Di satu sisi, ujar Aziz, alih fungsi lahan hutan ini memang melanggar regulasi. Di sisi lain, aktivitas itu memberikan manfaat ekonomi bagi masyarakat sekitar. Bahkan hasil dari tambak tersebut, seperti ikan dan udang, didistribusikan ke daerah Bangka Belitung dan Lampung.
”Ini memang terdengar kontradiktif. Karena itu, kita harus mencari solusi yang tepat agar terjadi sinkronisasi kesejahteraan masyarakat dan kelestarian hutan,” katanya.
KOMPAS/RHAMA PURNA JATI
Kawasan obyek wisata Taman Mangrove Belitung di Kota Tanjung Pandan, Kabupaten Belitung, Provinsi Bangka Belitung, Jumat (11/10/2019). Kawasan ini dulunya adalah bekas tambang timah dan kini diubah fungsinya menjadi obyek wisata.
Salah satu jalan keluar adalah dengan program perhutanan sosial. Selain itu, perlu juga dibentuk skema kerja yang tepat sehingga program ini dapat diimplementasikan oleh masyarakat lokal. Menurut Aziz, potensi hutan bakau di kawasan pesisir Sumsel sangat besar, mulai dari komoditas tambak seperti ikan dan udang, serta komoditas hutan bakau seperti madu dan kepiting.
Jalan keluar
Agar kerusakan kawasan mangrove di Sumsel tidak meluas, ujar Widada, sudah diterbitkan Peraturan Daerah Provinsi Sumsel Nomor 2 Tahun 2020 tentang Rencana Zonasi Wilayah Pesisir dan Pulau-pulau Kecil Provinsi Sumsel tahun 2020-2040. Dalam perda yang telah dirancang sejak tiga tahun lalu ini juga diatur mengenai rencana alokasi ruang di kawasan pesisir, termasuk mengenai kawasan budidaya, pembangunan pelabuhan, dan pemanfaatan lain.
Dalam regulasi itu juga diatur tentang penetapan zona untuk pembukaan tambak. Tujuannya agar tidak ada lagi degradasi lahan mangrove akibat perambahan yang serampangan.
Pandji menerangkan, patroli di kawasan hutan yang ada di pesisir juga terus dilakukan untuk memastikan tidak ada lagi perambahan hutan. Sementara Aziz berpendapat, rehabilitasi adalah hal prioritas utama untuk memulihkan keberadaan mangrove di Sumsel.
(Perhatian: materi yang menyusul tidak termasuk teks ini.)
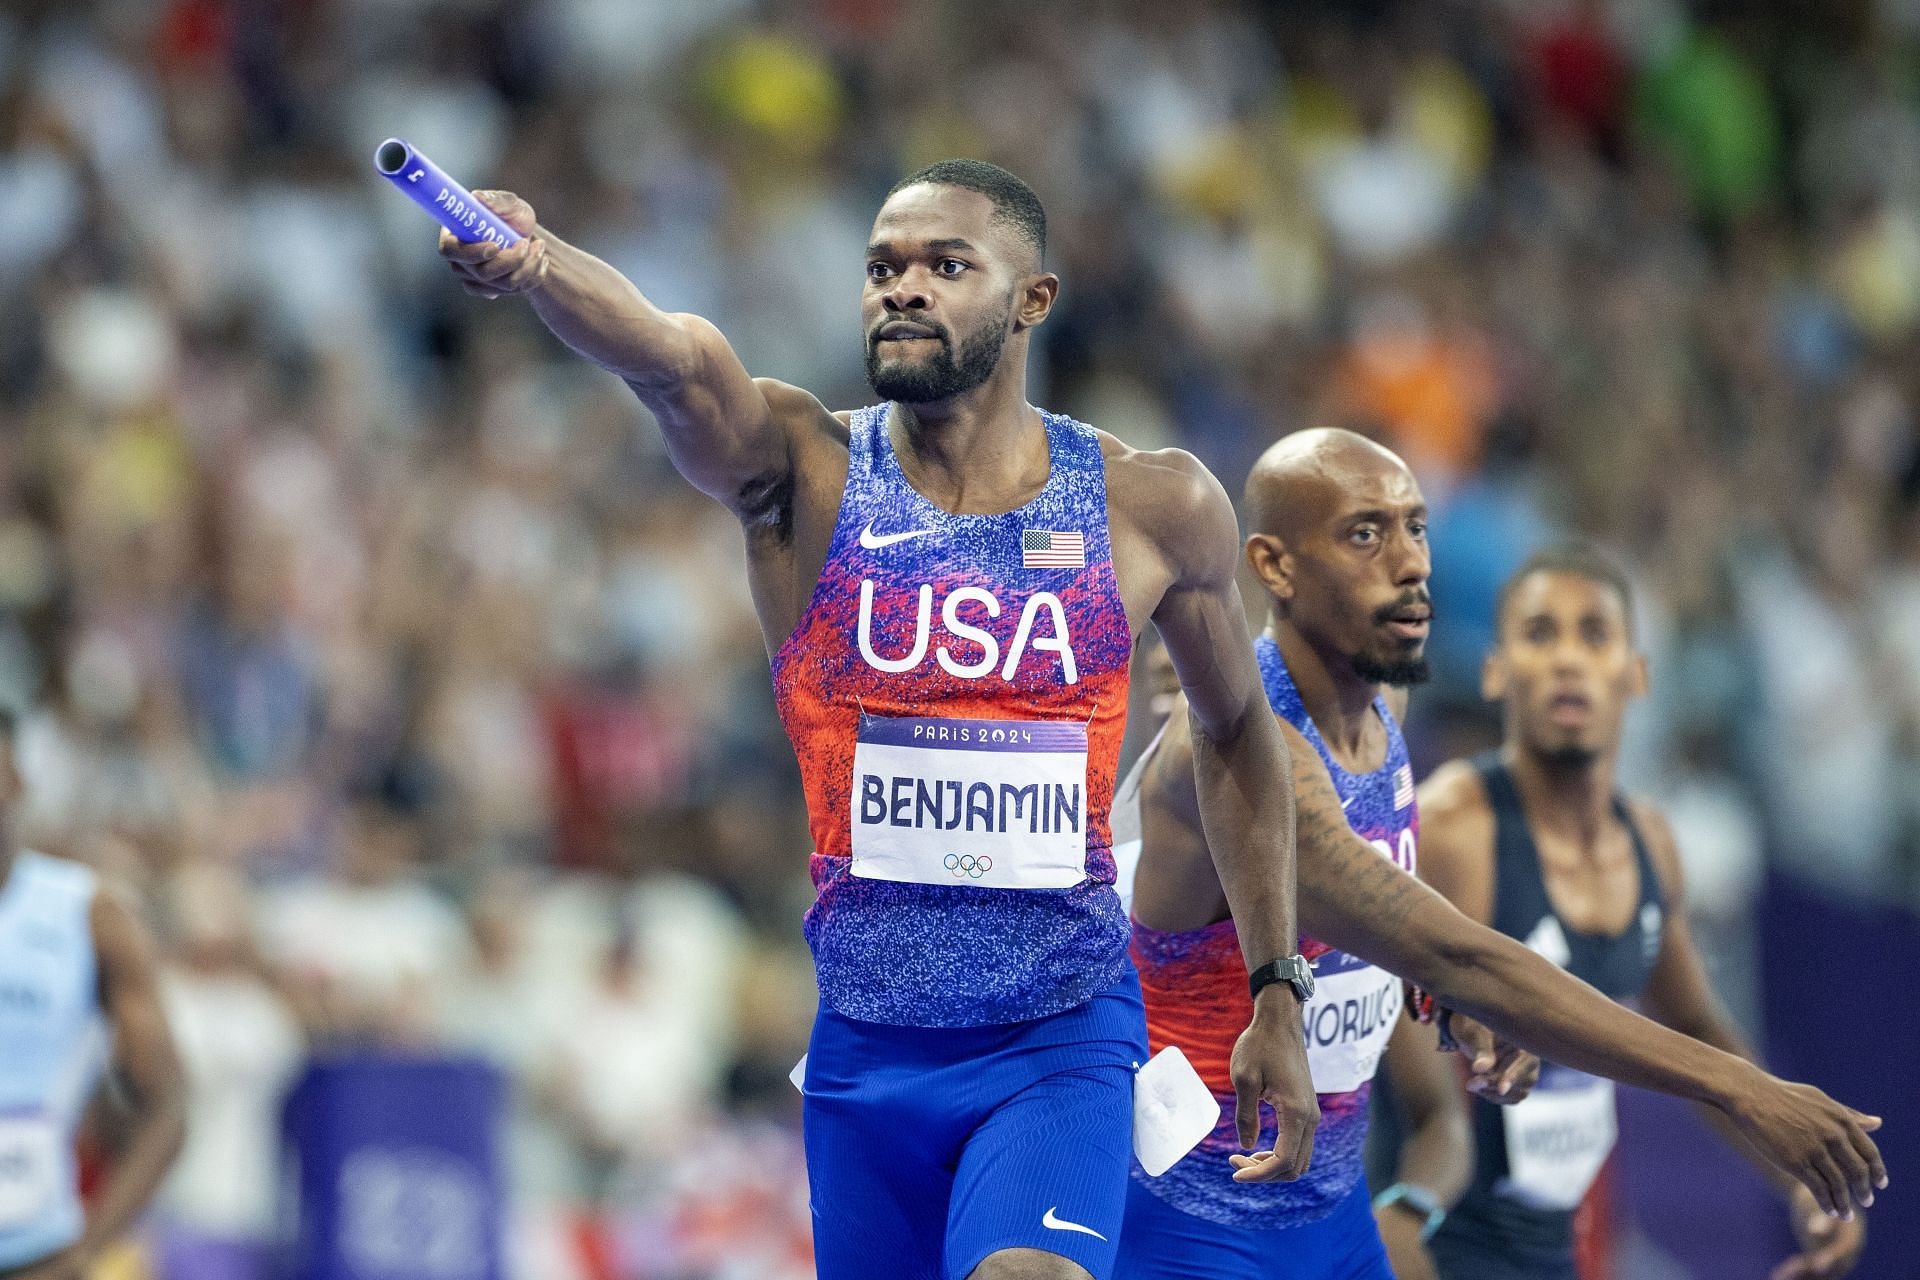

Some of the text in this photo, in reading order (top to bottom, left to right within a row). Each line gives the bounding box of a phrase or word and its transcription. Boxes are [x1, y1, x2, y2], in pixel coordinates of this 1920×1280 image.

[858, 578, 1078, 684] USA
[979, 728, 1032, 744] 2024
[860, 774, 1079, 833] BENJAMIN
Namun, dia berharap konsep rehabilitasi tidak sebatas tutupan lahan (land covering) semata, tetapi harus berbasis habitat.
Perubahan konsep ini sangat penting untuk memastikan masyarakat lokal memperoleh kesejahteraan dari keberadaan hutan mangrove. Ketika itu terjadi, hasil dari penghijauan kembali hutan mangrove dapat dijaga oleh masyarakat sekitar.
Direktur program dari MERA Imran Amin mengatakan, program perlindungan dan restorasi kawasan mangrove di Ogan Komering Ilir Sumselini akan melalui sejumlah tahapan kajian, seperti kajian lingkungan dan kondisi sosial masyarakat. Selanjutnya akan dilakukan pengembangan lanjutan, seperti demplot restorasi mangrove, serta pendampingan dalam pengembangan mata pencarian masyarakat.
KOMPAS/RHAMA PURNA JATI
Kawasan obyek wisata Taman Mangrove Belitung di Kota Tanjung Pandan, Kabupaten Belitung, Provinsi Bangka Belitung, Jumat (11/10/2019). Kawasan ini dulunya adalah bekas tambang timah dan kini diubah fungsinya menjadi obyek wisata.
Dari hasil kajian ini diharapkan juga pelibatan semua pihak, baik sektor swasta maupun pemerintah, sehingga ditemukan metode yang tepat dalam melaksanakan rehabilitasi mangrove di Sumsel. ”Program ini telah berhasil di beberapa wilayah. Harapannya di Sumsel juga demikian,” kata Imran.